EL RUNRÚN

Cuando después de dos días y dos noches regresó la luz, la mujer sintió una alegría parecida a aquellos días de su infancia en que los rayos, los truenos y las oraciones a Santa Bárbara remitían justo en la hora en que daban Hombre rico, hombre pobre en la televisión. Entonces, como ahora, le resultaba benigna la sensación de normalidad, porque volvía a ser la de antes, adquiría un contorno real, lejos de aquel espectro que avanzaba por el pasillo con un cirio de la iglesia. La estampa de la familia reunida alrededor de la mesa camilla con la luz de un candil le creaba un tremendo desasosiego. Se sentía aterrorizada, como un personaje de Cumbres borrascosas,aquella magistral novela que estaba leyendo y donde la oscuridad, además de la tragedia, es uno de los principales protagonistas.

La mujer se duchó con chorros calientes, sacudiéndose el recuerdo reciente del agua helada resbalando como mil agujas por encima de su cuerpo. Se secó el pelo con su Taurus Super-Proof y bajó a comprar, mientras reconocía el gran papel que tenía el ascensor en su vida. Por fin volvía a ser ella, disfrutando de la libertad que adquirían todos sus actos, pudiendo depilarse las cejas en el espejo lupa del cuarto de baño. Al abrir la sección de opinión, en la página 19, un anuncio le llamó la atención. Eran las recomendaciones de la Generalitat para recuperar la normalidad del suministro eléctrico. En la estancia hacía calor. Por fin julio había enrojecido sus rayos y la solana hinchaba los pies. "Modereu la temperatura del termostat a 25 º C", decía el manual. Ella, como ciudadana ejemplar, no podía desatender aquella llamada y, a su pesar, cerró el aire acondicionado y abrió ventanas, creando esas bellas corrientes de aire que los árabes nos dejaron como herencia cultural.

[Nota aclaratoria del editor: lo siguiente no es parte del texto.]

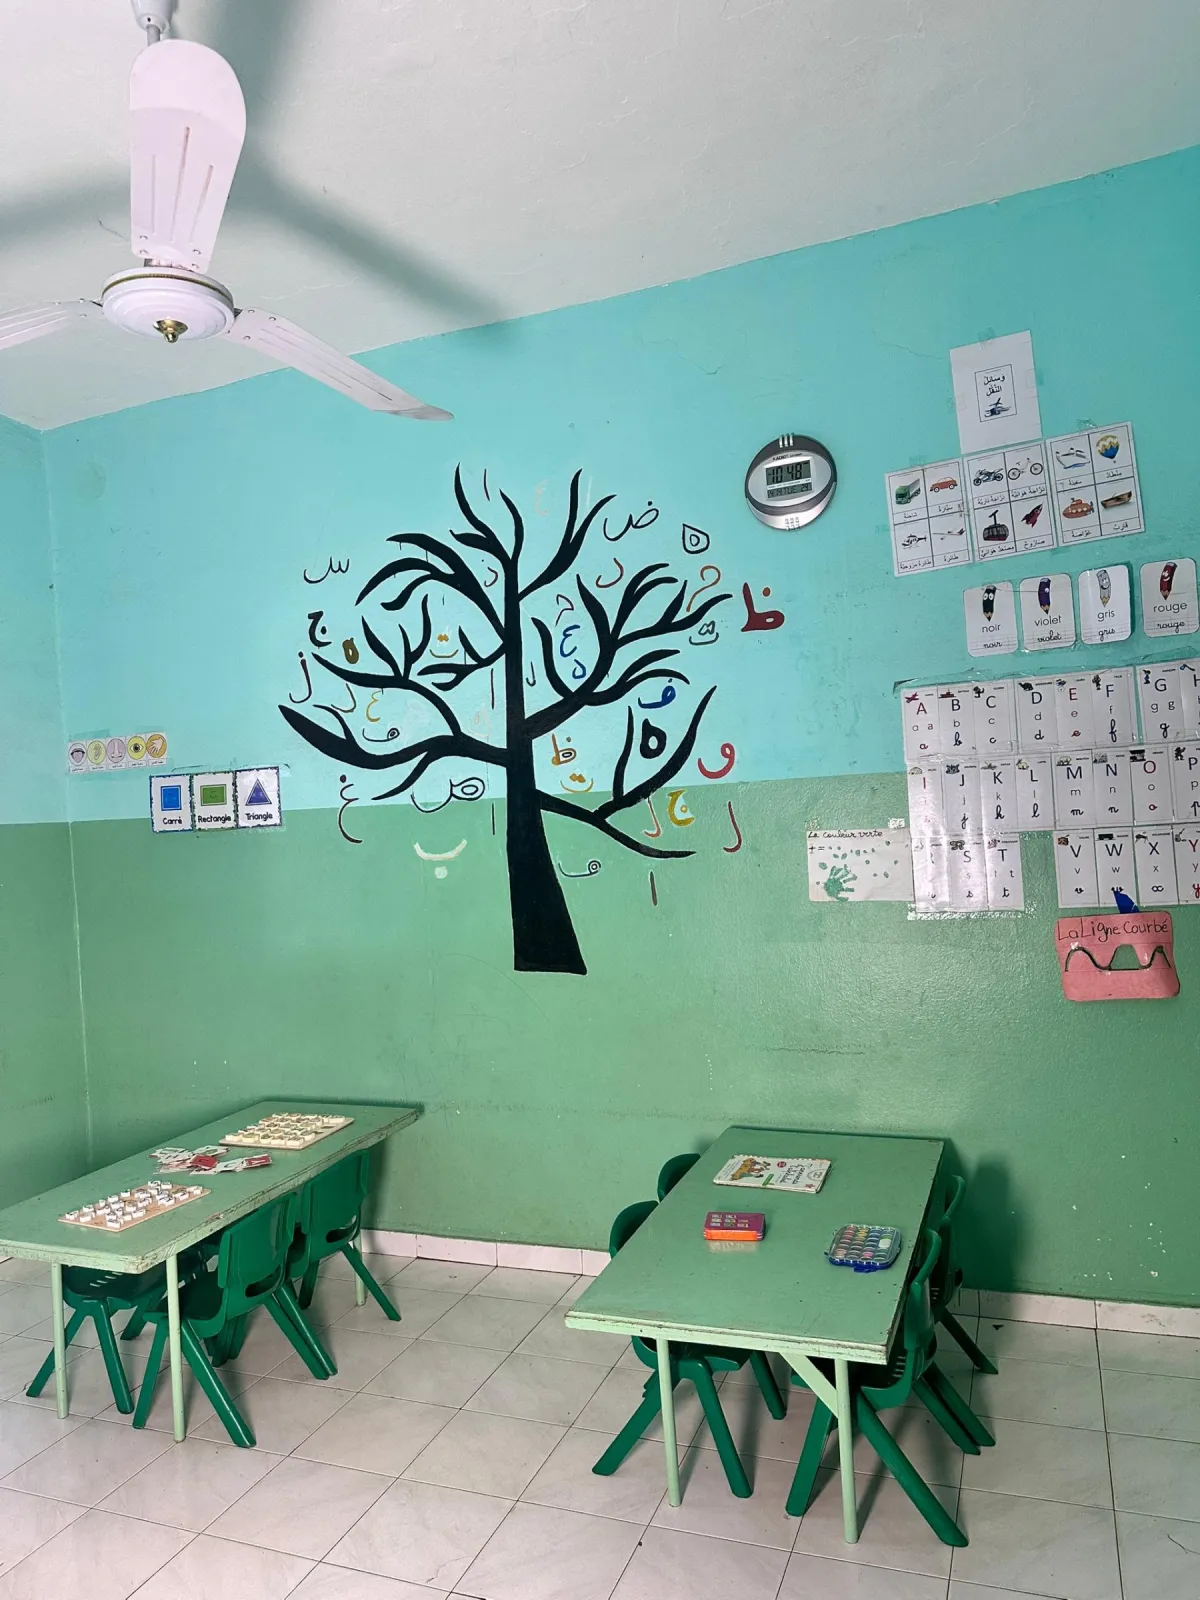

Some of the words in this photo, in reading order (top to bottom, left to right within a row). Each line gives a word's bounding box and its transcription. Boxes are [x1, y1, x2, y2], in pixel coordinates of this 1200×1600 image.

Pero el bochorno no dejaba circular la brisa. "Eviteu connectar més d´un aparell". Este mensaje la sobresaltó; tenía la colada de dos días, el lavaplatos lleno y un cesto de ropa por planchar. Volvió a sentir que le limitaban esa colección de pequeñas cosas que componen la felicidad. Pero en la línea siguiente encontró una salida: "Desplaceu a la nit i al cap de setmana aquestes activitats".

La mujer decidió tomarse una Dormidina y se echó en el sofá. Descansaría de día para poder estar despejada de noche, y a tientas, pondría lavadoras y secadoras, asaría un pollo en el horno y plancharía, escuchando uno de esos programas de madrugada donde la gente dice cosas insólitas para reconfortarse con su insomnio. También miraría la teletienda, donde anuncian objetos tan prácticos como masajeadores de glúteos o aparatos de elongación de pene. Se sentía tan extraña que tuvo que refugiarse en las cuitas de su amiga Odalis, que, como muchos cubanos, a los apagones los llama alumbrones debido a la escasa presencia de la luz. Odalis le había contado que allí nunca sabes cuándo puedes cocinar y planchar, y eso que hace un par de años Fidel anunció la entrega de ollas y cocinas eléctricas a la población.

Poco a poco la mujer se dio cuenta de que habitaba la misma coherencia entre aquel acto mesiánico del líder cubano y la presentación de las cuentas de resultados de Endesa. El mismo sentido común. El mismo servicio ciudadano. Endesa anunciaba que había obtenido 1.200 millones de euros en el primer semestre del año - 200.000 millones de pesetas-. La mujer respiró aliviada. El tiempo robado no tiene precio, pero como era una ciudadana ejemplar, ejercería su derecho a reclamar daños y perjuicios. Total, Endesa está forrada.